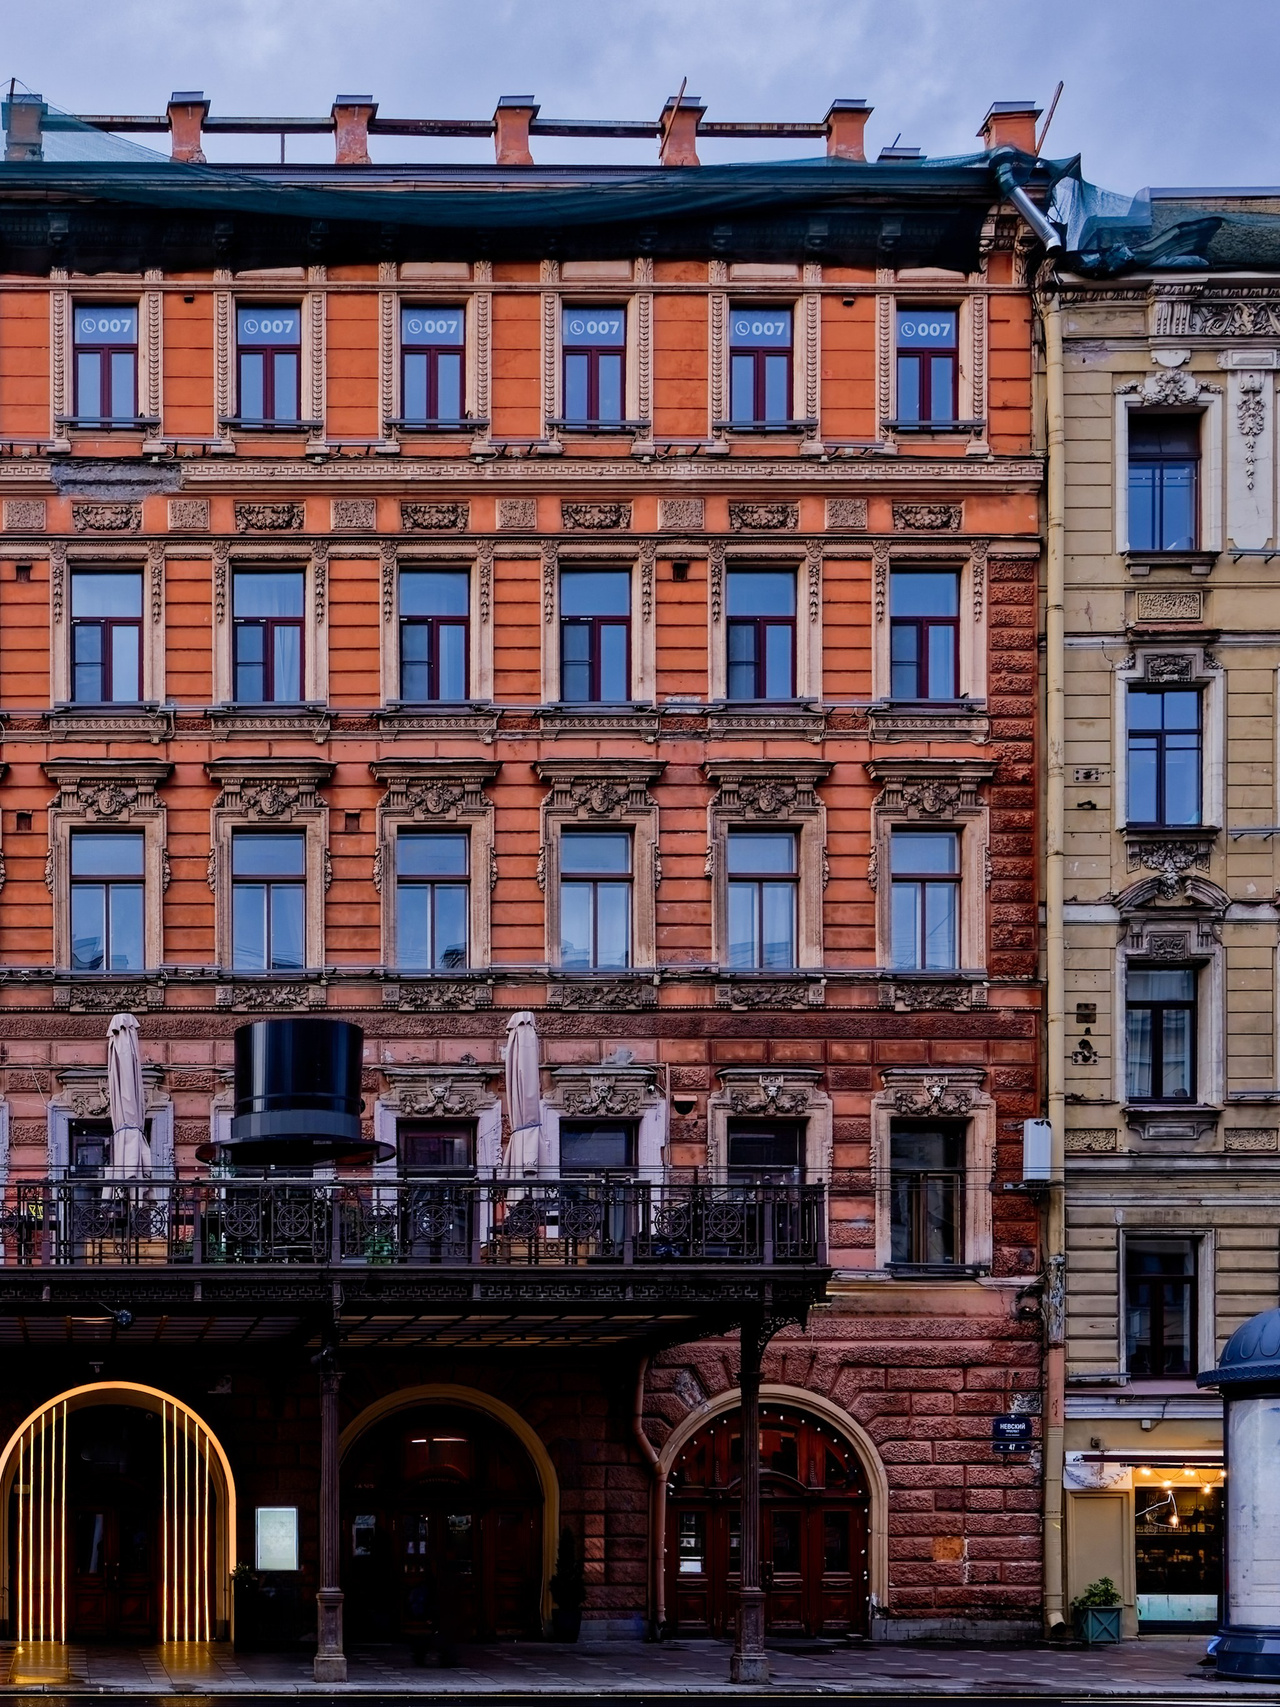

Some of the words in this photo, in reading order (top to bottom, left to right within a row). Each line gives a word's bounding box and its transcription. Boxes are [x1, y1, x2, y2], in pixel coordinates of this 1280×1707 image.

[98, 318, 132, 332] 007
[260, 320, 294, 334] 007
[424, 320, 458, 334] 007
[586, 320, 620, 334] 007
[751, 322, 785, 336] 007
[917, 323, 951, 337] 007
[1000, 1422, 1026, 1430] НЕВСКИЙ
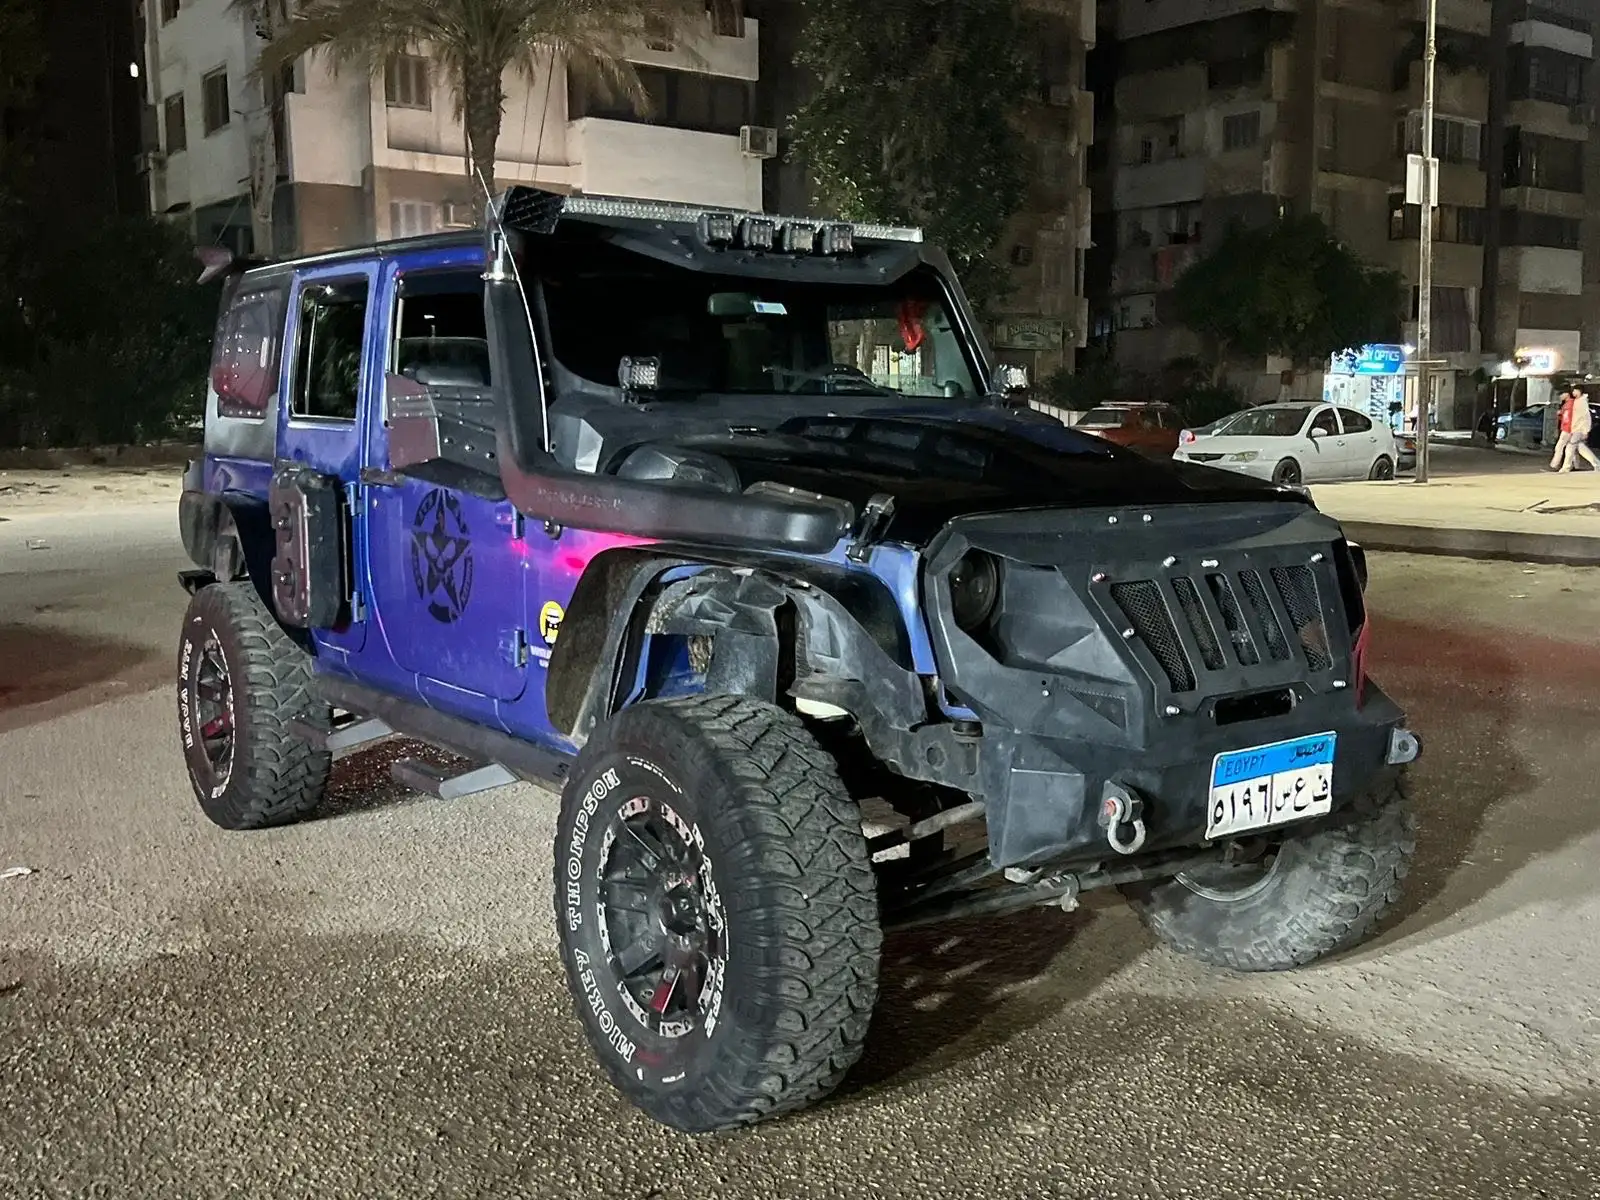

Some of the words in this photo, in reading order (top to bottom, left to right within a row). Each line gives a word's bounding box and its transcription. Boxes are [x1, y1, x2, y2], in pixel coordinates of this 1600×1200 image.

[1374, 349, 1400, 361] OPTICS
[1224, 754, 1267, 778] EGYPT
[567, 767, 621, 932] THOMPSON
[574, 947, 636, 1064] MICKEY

WHAT NEEDS TO BE DONE
Transcribe all of the records exactly, without reproducing their pictures.

SOLUTION FOR THIS TASK
Some of the words in this photo, in reading order (top to bottom, left to right within a row). Each line gives a word's bounding box and its transcription. Boxes are [x1, y1, x2, y2], in pixel coordinates of this 1280×1707 image.

[98, 318, 132, 332] 007
[260, 320, 294, 334] 007
[424, 320, 458, 334] 007
[586, 320, 620, 334] 007
[751, 322, 785, 336] 007
[917, 323, 951, 337] 007
[1000, 1422, 1026, 1430] НЕВСКИЙ

Some of the words in this photo, in reading order (top to bottom, left to right within a row). Each line gives a word's bounding box and its transcription. Boxes are [x1, y1, x2, y2], in pixel coordinates of this 1600×1200 image.

[1374, 349, 1400, 361] OPTICS
[1224, 754, 1267, 778] EGYPT
[567, 767, 621, 932] THOMPSON
[574, 947, 636, 1064] MICKEY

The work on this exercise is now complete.